## Problem to solve
A verbatim copy of the data is wanted, minus any picture in it.

## Data to process

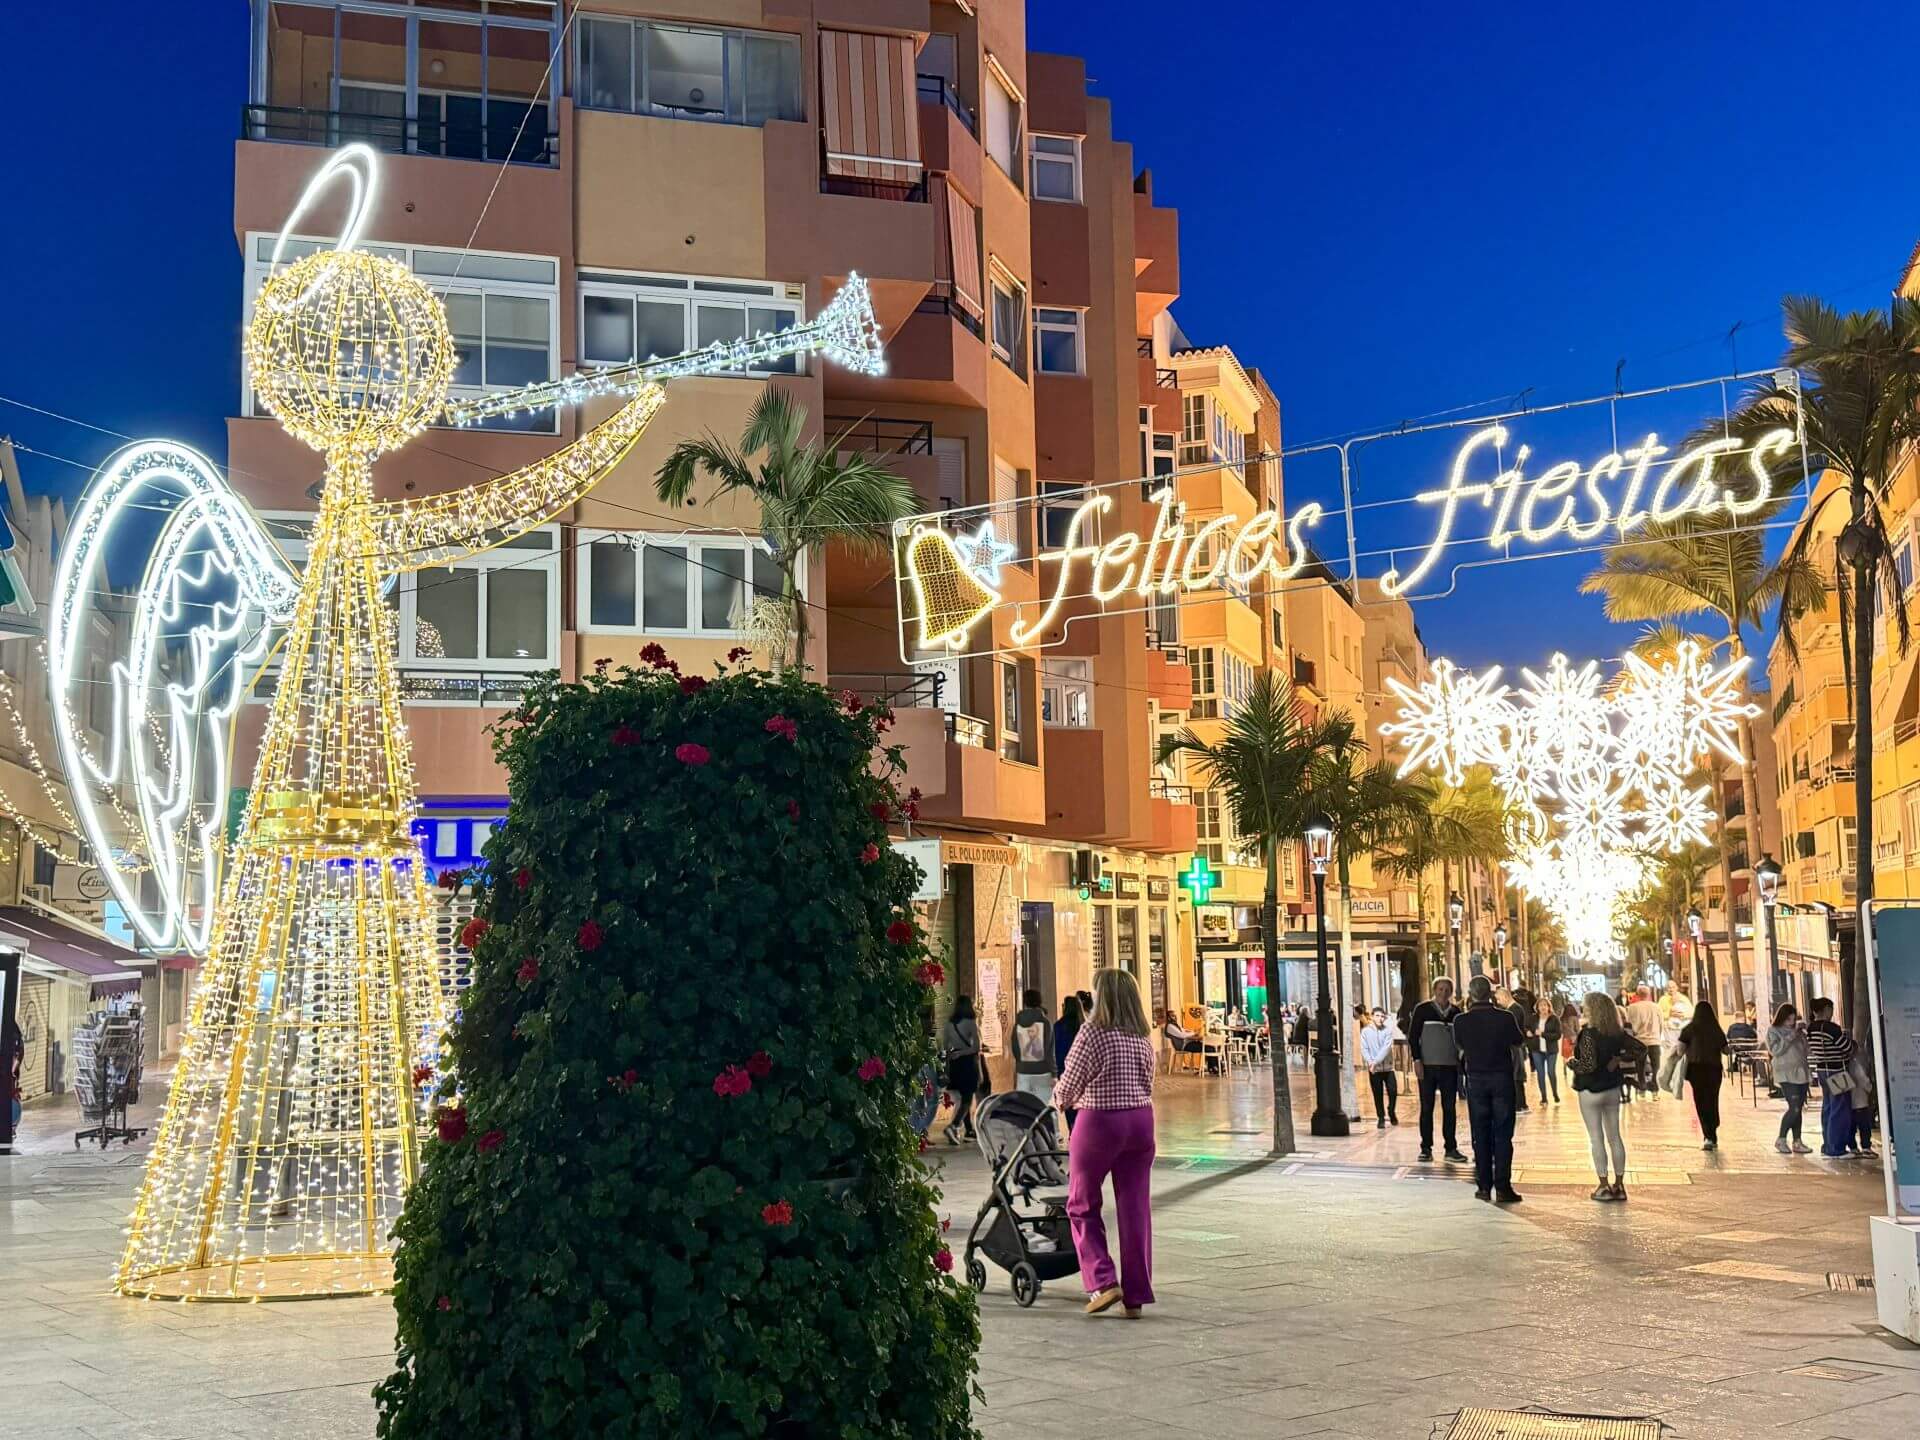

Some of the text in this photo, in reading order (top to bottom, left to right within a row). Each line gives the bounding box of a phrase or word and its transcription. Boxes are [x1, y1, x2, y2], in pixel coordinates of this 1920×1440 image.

[1010, 425, 1796, 645] felices fiestas
[949, 846, 957, 859] EL
[959, 847, 980, 861] POLLO
[982, 849, 1009, 864] DORADO

## Answer box
Some of the text in this photo, in reading order (top to bottom, left to right within a row). Each line gives the bounding box of a phrase or word and its transcription. Boxes are [x1, y1, x2, y2], in pixel coordinates of this 1920×1440 image.

[1010, 425, 1796, 645] felices fiestas
[949, 846, 957, 859] EL
[959, 847, 980, 861] POLLO
[982, 849, 1009, 864] DORADO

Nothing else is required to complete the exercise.